15. In the context of prosecution for offences punishable under Section 5(2) of the Prevention of Corruption Act, 1947 and Section 161, I.P.C. the provision regarding sanction for prosecution in the back-drop of Section 230 of the old Cr. P.C. was considered by the Allahabad High Court in L.E. Jacobs v. Union of India . The following observations of the learned Judge in paragraph 27 of the said decision deserve notice :

"Under this section if the Court finds that certain fresh facts have come to its knowledge which have changed the aspect of the case and necessitate an alteration or addition of a charge for which a fresh sanction is necessary then it would stop proceedings in the case and await the new sanction but where the facts remain the same, it will proceed with the altered or added charge on the basis of the sanction already obtained. The real test is whether the new or altered charge is based on the same facts which have already been considered by the sanctioning authority or whether some new facts have come to light in evidence which require its reconsideration. The stress is clearly on facts and not on the penal section applied to those facts."

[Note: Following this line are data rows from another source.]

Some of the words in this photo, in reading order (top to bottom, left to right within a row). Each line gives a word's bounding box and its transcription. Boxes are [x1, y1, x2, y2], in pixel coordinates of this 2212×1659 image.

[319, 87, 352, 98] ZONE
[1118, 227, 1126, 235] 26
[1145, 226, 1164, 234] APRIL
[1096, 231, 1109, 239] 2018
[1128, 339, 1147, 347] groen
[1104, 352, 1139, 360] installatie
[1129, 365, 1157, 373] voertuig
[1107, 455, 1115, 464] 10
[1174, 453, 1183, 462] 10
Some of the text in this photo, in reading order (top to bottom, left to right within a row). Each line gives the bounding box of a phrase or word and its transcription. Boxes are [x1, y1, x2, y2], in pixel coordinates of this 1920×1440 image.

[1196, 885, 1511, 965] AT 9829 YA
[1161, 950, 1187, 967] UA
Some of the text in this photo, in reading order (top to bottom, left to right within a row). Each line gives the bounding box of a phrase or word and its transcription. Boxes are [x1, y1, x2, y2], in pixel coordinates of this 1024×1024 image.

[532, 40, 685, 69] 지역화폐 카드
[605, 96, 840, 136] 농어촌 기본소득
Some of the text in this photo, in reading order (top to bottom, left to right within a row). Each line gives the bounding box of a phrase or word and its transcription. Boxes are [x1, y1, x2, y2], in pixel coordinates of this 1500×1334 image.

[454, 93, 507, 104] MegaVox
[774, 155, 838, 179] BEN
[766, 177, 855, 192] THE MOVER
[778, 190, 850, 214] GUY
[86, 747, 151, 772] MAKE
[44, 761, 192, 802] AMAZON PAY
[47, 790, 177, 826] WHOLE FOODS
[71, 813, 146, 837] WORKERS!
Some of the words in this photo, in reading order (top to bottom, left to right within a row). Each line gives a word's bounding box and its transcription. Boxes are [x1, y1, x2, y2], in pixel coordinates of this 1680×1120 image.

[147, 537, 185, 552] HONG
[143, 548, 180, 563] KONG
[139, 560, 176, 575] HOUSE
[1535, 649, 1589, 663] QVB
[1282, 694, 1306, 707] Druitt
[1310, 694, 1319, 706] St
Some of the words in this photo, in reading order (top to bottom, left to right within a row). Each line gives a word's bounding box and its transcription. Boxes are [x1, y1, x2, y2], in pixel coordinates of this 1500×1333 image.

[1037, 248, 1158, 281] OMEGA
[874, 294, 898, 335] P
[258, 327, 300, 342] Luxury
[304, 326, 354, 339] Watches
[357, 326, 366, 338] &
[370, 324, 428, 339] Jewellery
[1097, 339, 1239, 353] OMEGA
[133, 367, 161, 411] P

With respect, I fully agree with the quoted observations. The same principle, in my opinion, also applies in considering the question whether a fresh consent would be necessary for continuing the prosecution initiated under the PFA Act where the report of the Public Analyst instead of getting confirmed stands wholly negatived to the advantage of the accused during the continuance of the proceeding by the certificate of the Director of Central Food Laboratory which at the same time discloses some new facts indicating an offence under the PFA Act.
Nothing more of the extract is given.